THE BLOG

Uninviting Interruptions

05/07/2015 11:24 am ET | Updated May 07, 2016

You may be one of those people who thrive on interruptions or at least that is what you believe. In my experience, interruptions and thriving are not related. Living without interruptions is the ultimate thriving.

Some tell me that they can't function without the interruptions as their business is fast-paced and timing is everything. That is sometimes true and at the same time, critical interruptions can merge into a way of working that is not ultimately effective. When interruptions become the standard of working, they drain productivity.

I recently worked with someone who had a continual flow of interruptions knocking on their door. Staff had become accustomed to walking in at any time. At some point the amount of interruptions actually became comical.

I started answering the door (barely opening it) and quietly introducing myself as the "gate-keeper" asking if what they needed to discuss could be written in an email which, in almost all the cases, was possible.

While we may not be consciously aware of it, we create, promote or allow interruptions in our lives. It is simply a choice. We think we can't live without them and that they are critical to our productivity. In fact, in my experience, the opposite is true.

Be daring, bold, and brave... for one day, un-invite all the interruptions in your life. Take the plunge and experience the difference. I may have mentioned in a Treat years ago about the VP at a large corporation who, after working for an hour fully absorbed while I quietly held off all interruptions, looked at me with tears in his eyes and said this had been the first experience of uninterrupted quiet focus in his life. It was a powerful moment for him and for me.

Uninviting interruptions is a courageous step.

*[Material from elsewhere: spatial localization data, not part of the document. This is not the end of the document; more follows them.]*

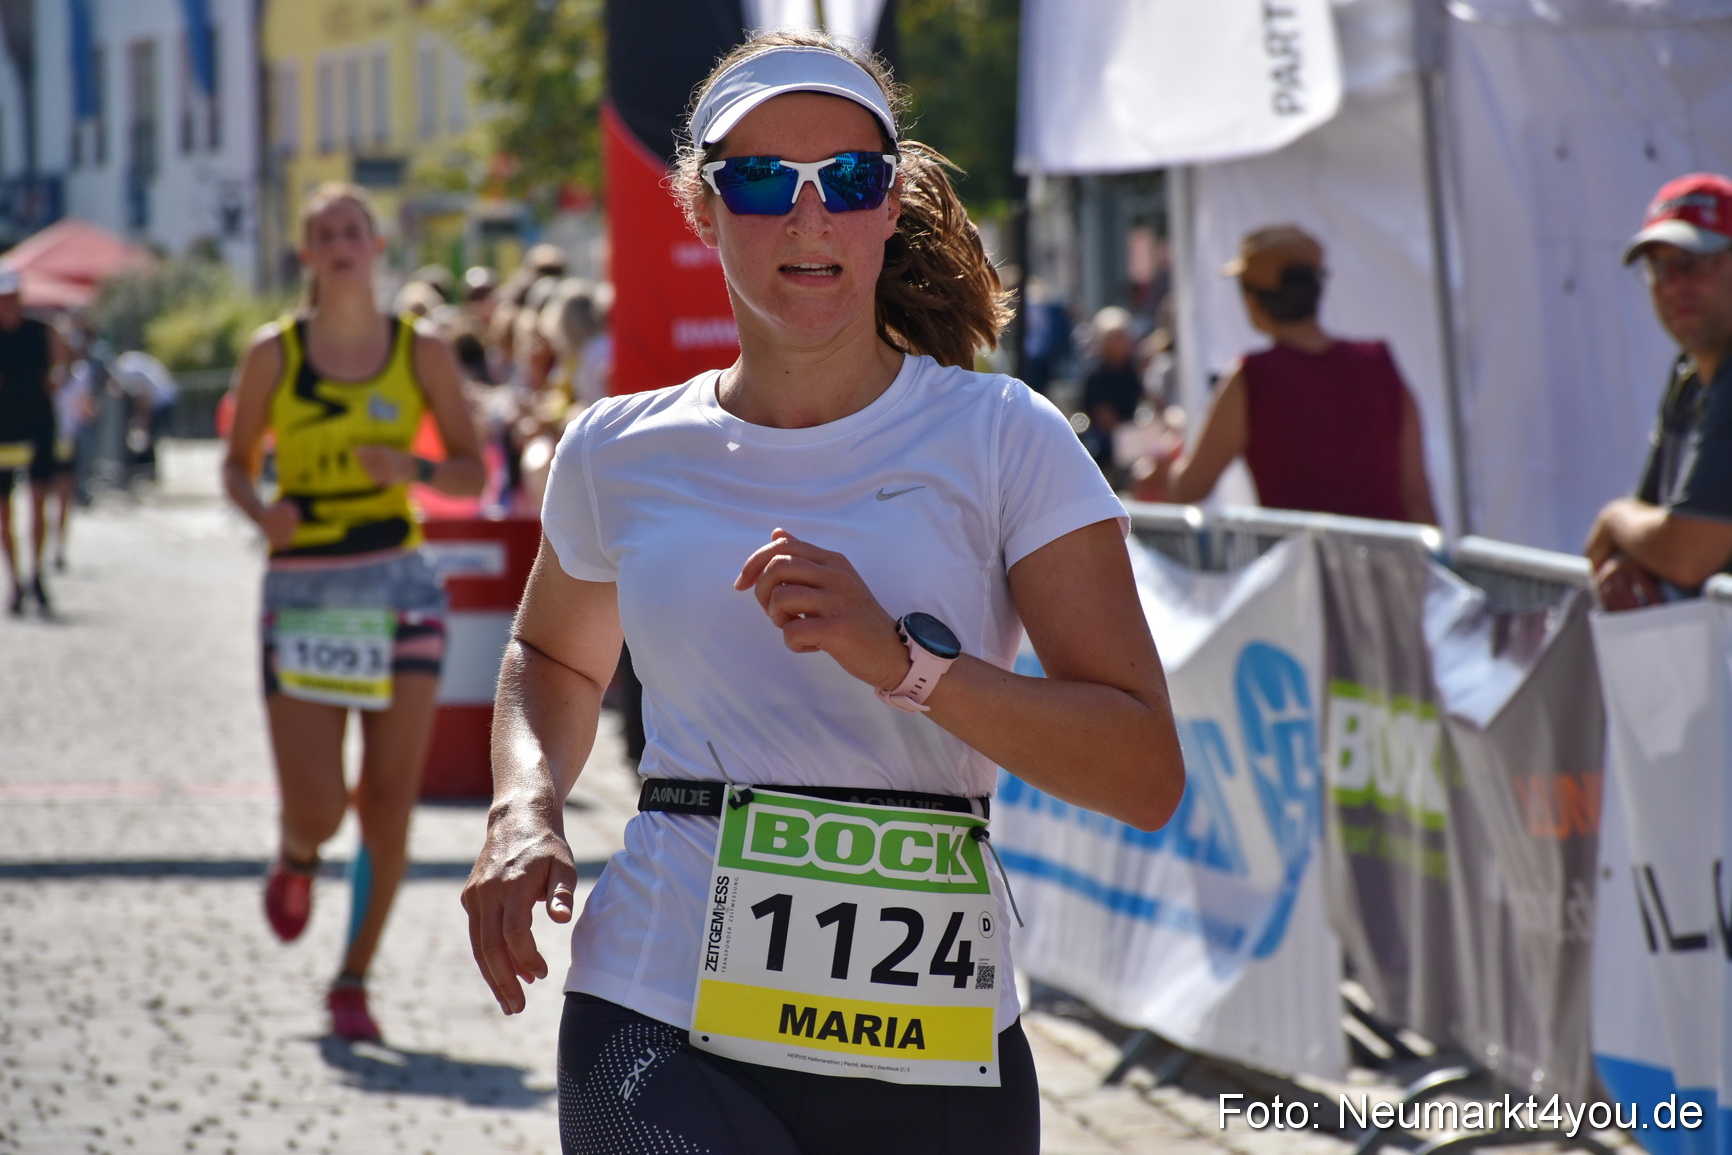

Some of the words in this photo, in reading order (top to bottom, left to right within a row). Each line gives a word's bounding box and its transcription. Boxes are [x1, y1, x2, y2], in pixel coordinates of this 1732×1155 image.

[744, 804, 977, 882] BOCK
[721, 926, 732, 973] TRANSPONDER
[728, 877, 739, 922] ZEITMESSUNG
[750, 893, 975, 989] 1124
[982, 917, 991, 932] D
[778, 1003, 926, 1050] MARIA
[807, 1056, 841, 1066] Halbmarathon
[877, 1064, 900, 1072] Startblock

On the other side of allowing interruptions is the opportunity for true focus, greater time and space, and exponential completion.

Take the uninviting interruptions challenge!

Martha Invitations:

  1. Mark down each time you allow yourself to be interrupted and see how often it occurs.
  2. Turn off your cell phone notifications for a day and watch your productivity soar. Limit your checking of text and voice mail.
  3. When the phone rings, ask yourself if it is on purpose to answer. More likely than not it can go to voice mail and your focus remains on what you are completing.

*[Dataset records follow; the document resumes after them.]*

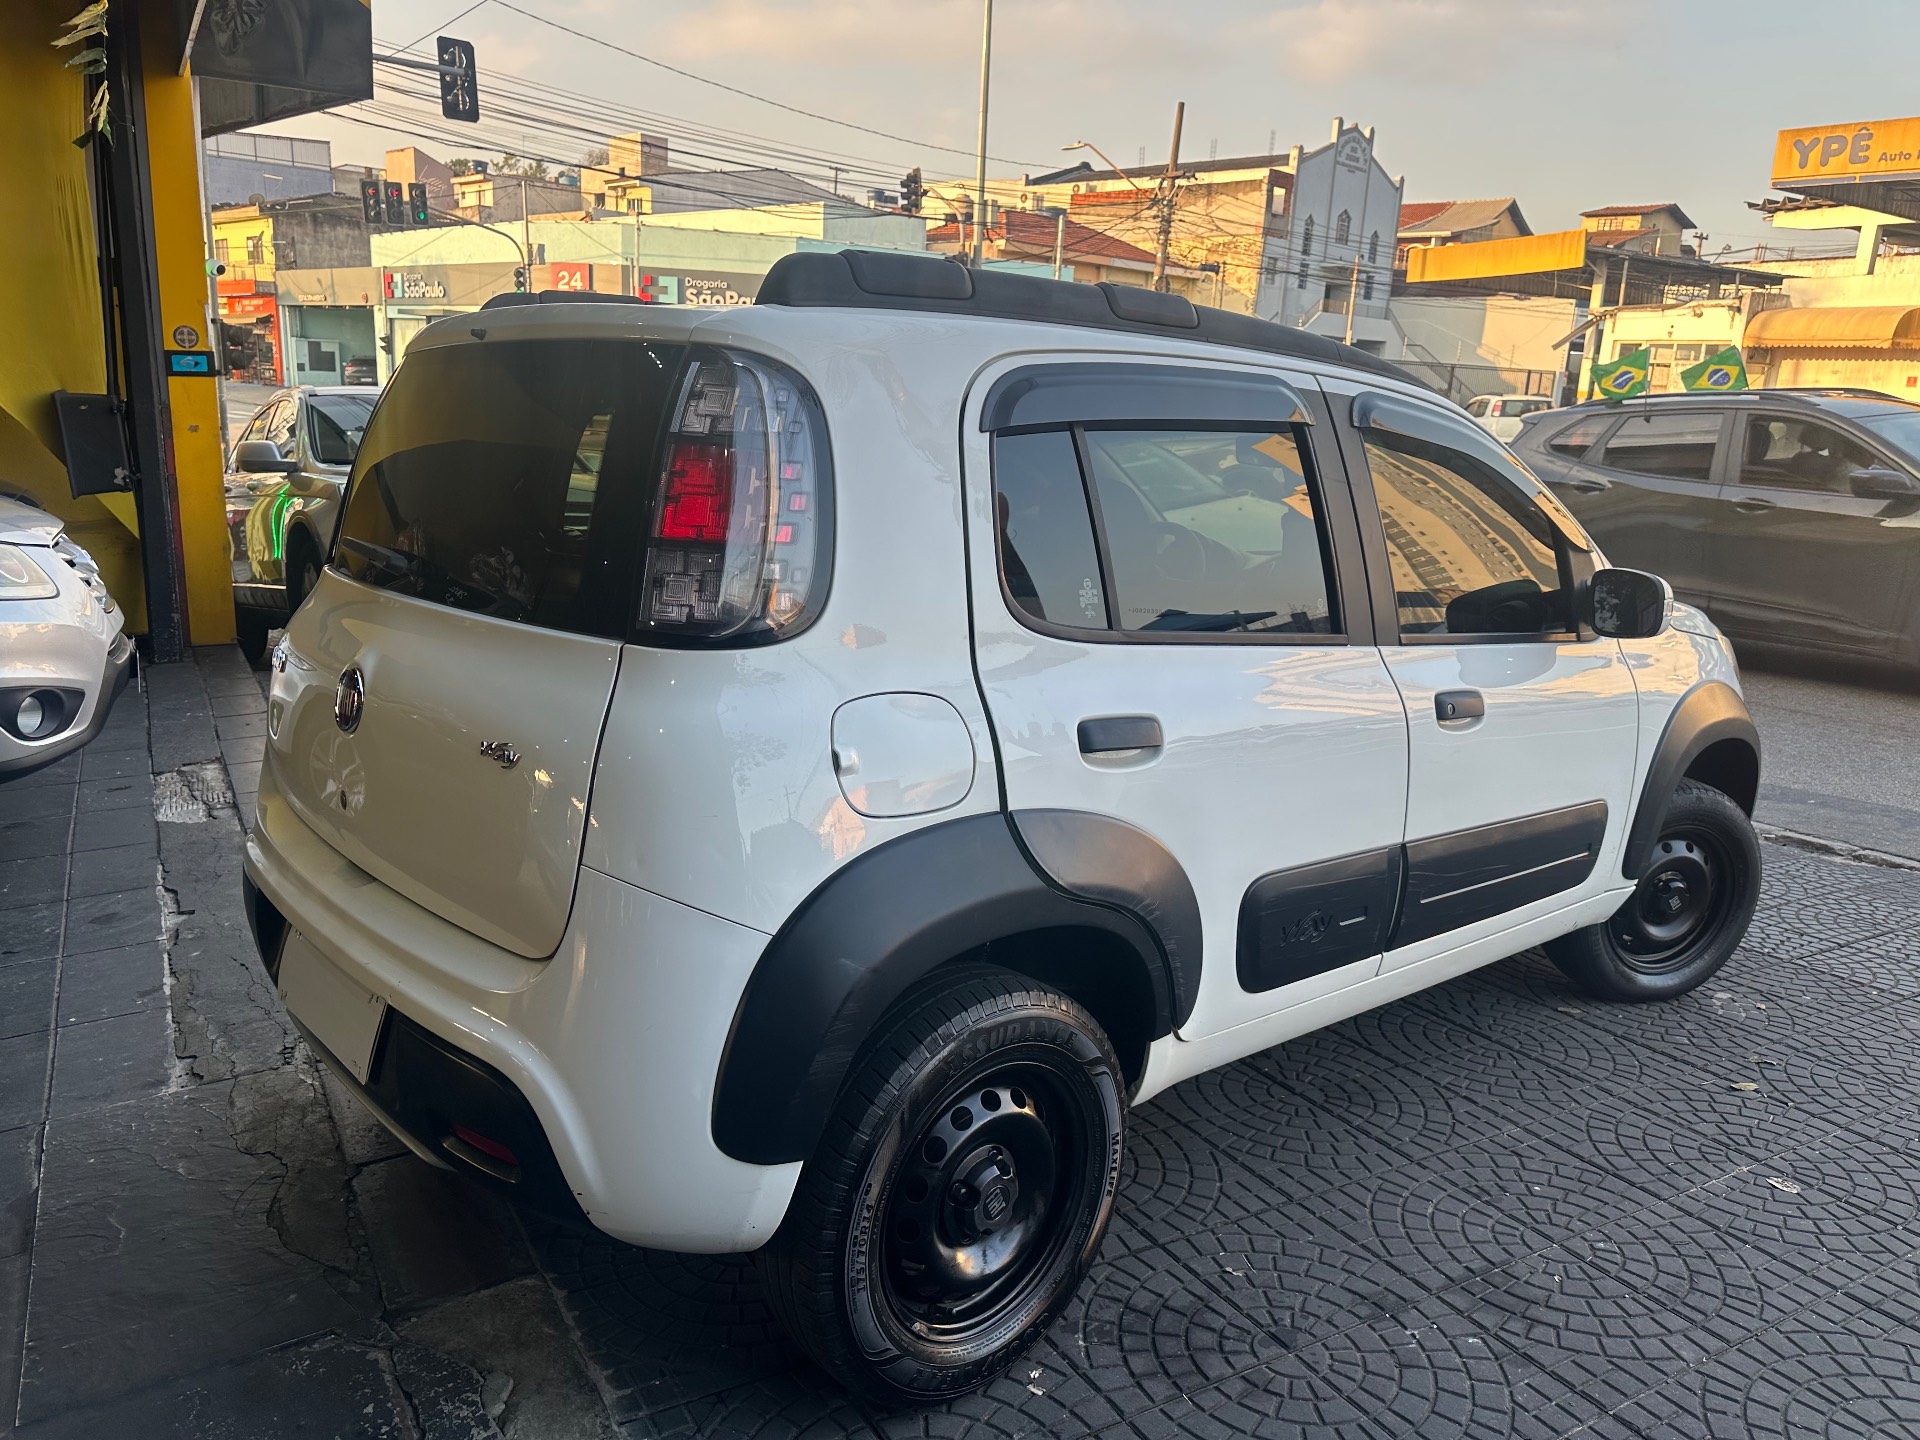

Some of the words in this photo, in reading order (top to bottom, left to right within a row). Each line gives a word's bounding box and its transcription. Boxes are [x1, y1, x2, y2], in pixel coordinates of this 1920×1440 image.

[1793, 126, 1873, 169] YPÊ
[1878, 151, 1911, 162] Auto
[557, 271, 583, 290] 24
[685, 277, 728, 289] Drogaria
[986, 1188, 1006, 1218] FIAT

Martha Treats and Hour of Focus are free services for my clients and subscribers. I work with individuals and teams around the world in Taking Action to Completion. The result is greater confidence and perspective, both personally and professionally. Learn more about my consulting services on www.martharinger.com, or reach out to me at martha@martharinger.com.

Copyright 2015. Martha Ringer Company. All rights reserved.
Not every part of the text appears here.